• Directions for this task: A verbatim copy of every entry is required. Produce it now.

• Data listing:
%%

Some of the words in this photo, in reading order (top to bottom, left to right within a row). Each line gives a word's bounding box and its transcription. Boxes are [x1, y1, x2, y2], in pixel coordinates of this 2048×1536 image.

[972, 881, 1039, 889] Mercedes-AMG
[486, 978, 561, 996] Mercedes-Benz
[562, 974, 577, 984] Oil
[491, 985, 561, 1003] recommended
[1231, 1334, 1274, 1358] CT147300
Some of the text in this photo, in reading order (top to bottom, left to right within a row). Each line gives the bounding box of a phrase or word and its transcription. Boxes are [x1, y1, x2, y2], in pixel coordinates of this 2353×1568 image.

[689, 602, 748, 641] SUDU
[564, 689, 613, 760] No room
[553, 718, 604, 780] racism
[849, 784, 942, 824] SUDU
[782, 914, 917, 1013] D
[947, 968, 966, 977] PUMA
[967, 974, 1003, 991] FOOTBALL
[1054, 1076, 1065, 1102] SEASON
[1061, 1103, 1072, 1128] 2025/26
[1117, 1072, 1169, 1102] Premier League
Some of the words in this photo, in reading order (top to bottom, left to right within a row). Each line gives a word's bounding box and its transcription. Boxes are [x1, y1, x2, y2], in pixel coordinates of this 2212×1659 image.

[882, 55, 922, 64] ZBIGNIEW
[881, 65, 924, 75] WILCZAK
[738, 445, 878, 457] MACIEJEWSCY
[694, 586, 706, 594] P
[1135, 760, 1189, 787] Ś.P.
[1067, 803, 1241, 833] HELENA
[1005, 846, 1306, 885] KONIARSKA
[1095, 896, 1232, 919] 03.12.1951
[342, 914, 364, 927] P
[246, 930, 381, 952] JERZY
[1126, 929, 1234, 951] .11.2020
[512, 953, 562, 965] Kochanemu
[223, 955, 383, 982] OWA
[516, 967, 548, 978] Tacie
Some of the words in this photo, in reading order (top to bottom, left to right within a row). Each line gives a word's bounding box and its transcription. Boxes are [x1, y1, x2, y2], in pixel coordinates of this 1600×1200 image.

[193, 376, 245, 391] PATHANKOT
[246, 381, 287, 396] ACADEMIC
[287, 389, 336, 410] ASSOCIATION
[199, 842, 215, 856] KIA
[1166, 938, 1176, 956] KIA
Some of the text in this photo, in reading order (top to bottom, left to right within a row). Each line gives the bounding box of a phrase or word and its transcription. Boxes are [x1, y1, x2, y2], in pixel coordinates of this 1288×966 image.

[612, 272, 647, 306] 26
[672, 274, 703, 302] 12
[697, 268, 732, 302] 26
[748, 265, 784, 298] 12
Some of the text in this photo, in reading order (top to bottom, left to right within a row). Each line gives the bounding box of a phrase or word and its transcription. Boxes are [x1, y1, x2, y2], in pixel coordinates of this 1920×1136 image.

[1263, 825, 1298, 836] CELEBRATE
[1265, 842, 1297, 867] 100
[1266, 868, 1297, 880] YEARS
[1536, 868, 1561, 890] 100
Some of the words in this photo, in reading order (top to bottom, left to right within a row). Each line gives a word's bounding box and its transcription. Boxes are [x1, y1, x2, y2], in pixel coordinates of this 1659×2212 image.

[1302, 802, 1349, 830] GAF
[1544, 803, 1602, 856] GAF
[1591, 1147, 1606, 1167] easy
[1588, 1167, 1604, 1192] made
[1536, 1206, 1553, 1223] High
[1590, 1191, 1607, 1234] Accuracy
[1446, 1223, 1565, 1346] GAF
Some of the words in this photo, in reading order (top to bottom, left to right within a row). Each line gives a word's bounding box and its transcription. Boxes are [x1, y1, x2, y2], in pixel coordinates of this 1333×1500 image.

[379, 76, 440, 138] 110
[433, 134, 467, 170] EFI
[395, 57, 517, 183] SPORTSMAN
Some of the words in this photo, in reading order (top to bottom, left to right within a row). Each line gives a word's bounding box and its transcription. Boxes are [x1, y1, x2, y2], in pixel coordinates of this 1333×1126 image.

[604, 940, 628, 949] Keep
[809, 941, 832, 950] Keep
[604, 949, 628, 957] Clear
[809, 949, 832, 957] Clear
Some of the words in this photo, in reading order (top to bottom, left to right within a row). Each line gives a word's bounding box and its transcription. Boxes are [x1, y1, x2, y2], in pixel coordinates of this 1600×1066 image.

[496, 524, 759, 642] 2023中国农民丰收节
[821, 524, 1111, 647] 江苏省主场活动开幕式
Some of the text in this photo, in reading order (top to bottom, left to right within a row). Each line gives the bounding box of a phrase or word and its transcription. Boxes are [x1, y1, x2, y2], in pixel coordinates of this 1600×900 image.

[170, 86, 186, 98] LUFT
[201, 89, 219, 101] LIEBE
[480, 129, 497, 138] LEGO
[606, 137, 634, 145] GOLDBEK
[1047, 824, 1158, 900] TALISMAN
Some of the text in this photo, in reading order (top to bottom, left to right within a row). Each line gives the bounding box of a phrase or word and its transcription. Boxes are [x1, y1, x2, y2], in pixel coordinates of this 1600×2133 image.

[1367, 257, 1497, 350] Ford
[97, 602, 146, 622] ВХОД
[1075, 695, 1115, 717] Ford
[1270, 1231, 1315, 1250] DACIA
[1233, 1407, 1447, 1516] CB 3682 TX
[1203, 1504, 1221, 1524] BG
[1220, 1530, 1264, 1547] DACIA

%%

• Answer space:
Some of the words in this photo, in reading order (top to bottom, left to right within a row). Each line gives a word's bounding box and its transcription. Boxes are [x1, y1, x2, y2], in pixel coordinates of this 2048×1536 image.

[972, 881, 1039, 889] Mercedes-AMG
[486, 978, 561, 996] Mercedes-Benz
[562, 974, 577, 984] Oil
[491, 985, 561, 1003] recommended
[1231, 1334, 1274, 1358] CT147300
Some of the text in this photo, in reading order (top to bottom, left to right within a row). Each line gives the bounding box of a phrase or word and its transcription. Boxes are [x1, y1, x2, y2], in pixel coordinates of this 2353×1568 image.

[689, 602, 748, 641] SUDU
[564, 689, 613, 760] No room
[553, 718, 604, 780] racism
[849, 784, 942, 824] SUDU
[782, 914, 917, 1013] D
[947, 968, 966, 977] PUMA
[967, 974, 1003, 991] FOOTBALL
[1054, 1076, 1065, 1102] SEASON
[1061, 1103, 1072, 1128] 2025/26
[1117, 1072, 1169, 1102] Premier League
Some of the words in this photo, in reading order (top to bottom, left to right within a row). Each line gives a word's bounding box and its transcription. Boxes are [x1, y1, x2, y2], in pixel coordinates of this 2212×1659 image.

[882, 55, 922, 64] ZBIGNIEW
[881, 65, 924, 75] WILCZAK
[738, 445, 878, 457] MACIEJEWSCY
[694, 586, 706, 594] P
[1135, 760, 1189, 787] Ś.P.
[1067, 803, 1241, 833] HELENA
[1005, 846, 1306, 885] KONIARSKA
[1095, 896, 1232, 919] 03.12.1951
[342, 914, 364, 927] P
[246, 930, 381, 952] JERZY
[1126, 929, 1234, 951] .11.2020
[512, 953, 562, 965] Kochanemu
[223, 955, 383, 982] OWA
[516, 967, 548, 978] Tacie
Some of the words in this photo, in reading order (top to bottom, left to right within a row). Each line gives a word's bounding box and its transcription. Boxes are [x1, y1, x2, y2], in pixel coordinates of this 1600×1200 image.

[193, 376, 245, 391] PATHANKOT
[246, 381, 287, 396] ACADEMIC
[287, 389, 336, 410] ASSOCIATION
[199, 842, 215, 856] KIA
[1166, 938, 1176, 956] KIA
Some of the text in this photo, in reading order (top to bottom, left to right within a row). Each line gives the bounding box of a phrase or word and its transcription. Boxes are [x1, y1, x2, y2], in pixel coordinates of this 1288×966 image.

[612, 272, 647, 306] 26
[672, 274, 703, 302] 12
[697, 268, 732, 302] 26
[748, 265, 784, 298] 12
Some of the text in this photo, in reading order (top to bottom, left to right within a row). Each line gives the bounding box of a phrase or word and its transcription. Boxes are [x1, y1, x2, y2], in pixel coordinates of this 1920×1136 image.

[1263, 825, 1298, 836] CELEBRATE
[1265, 842, 1297, 867] 100
[1266, 868, 1297, 880] YEARS
[1536, 868, 1561, 890] 100
Some of the words in this photo, in reading order (top to bottom, left to right within a row). Each line gives a word's bounding box and its transcription. Boxes are [x1, y1, x2, y2], in pixel coordinates of this 1659×2212 image.

[1302, 802, 1349, 830] GAF
[1544, 803, 1602, 856] GAF
[1591, 1147, 1606, 1167] easy
[1588, 1167, 1604, 1192] made
[1536, 1206, 1553, 1223] High
[1590, 1191, 1607, 1234] Accuracy
[1446, 1223, 1565, 1346] GAF
Some of the words in this photo, in reading order (top to bottom, left to right within a row). Each line gives a word's bounding box and its transcription. Boxes are [x1, y1, x2, y2], in pixel coordinates of this 1333×1500 image.

[379, 76, 440, 138] 110
[433, 134, 467, 170] EFI
[395, 57, 517, 183] SPORTSMAN
Some of the words in this photo, in reading order (top to bottom, left to right within a row). Each line gives a word's bounding box and its transcription. Boxes are [x1, y1, x2, y2], in pixel coordinates of this 1333×1126 image.

[604, 940, 628, 949] Keep
[809, 941, 832, 950] Keep
[604, 949, 628, 957] Clear
[809, 949, 832, 957] Clear
Some of the words in this photo, in reading order (top to bottom, left to right within a row). Each line gives a word's bounding box and its transcription. Boxes are [x1, y1, x2, y2], in pixel coordinates of this 1600×1066 image.

[496, 524, 759, 642] 2023中国农民丰收节
[821, 524, 1111, 647] 江苏省主场活动开幕式
Some of the text in this photo, in reading order (top to bottom, left to right within a row). Each line gives the bounding box of a phrase or word and its transcription. Boxes are [x1, y1, x2, y2], in pixel coordinates of this 1600×900 image.

[170, 86, 186, 98] LUFT
[201, 89, 219, 101] LIEBE
[480, 129, 497, 138] LEGO
[606, 137, 634, 145] GOLDBEK
[1047, 824, 1158, 900] TALISMAN
Some of the text in this photo, in reading order (top to bottom, left to right within a row). Each line gives the bounding box of a phrase or word and its transcription. Boxes are [x1, y1, x2, y2], in pixel coordinates of this 1600×2133 image.

[1367, 257, 1497, 350] Ford
[97, 602, 146, 622] ВХОД
[1075, 695, 1115, 717] Ford
[1270, 1231, 1315, 1250] DACIA
[1233, 1407, 1447, 1516] CB 3682 TX
[1203, 1504, 1221, 1524] BG
[1220, 1530, 1264, 1547] DACIA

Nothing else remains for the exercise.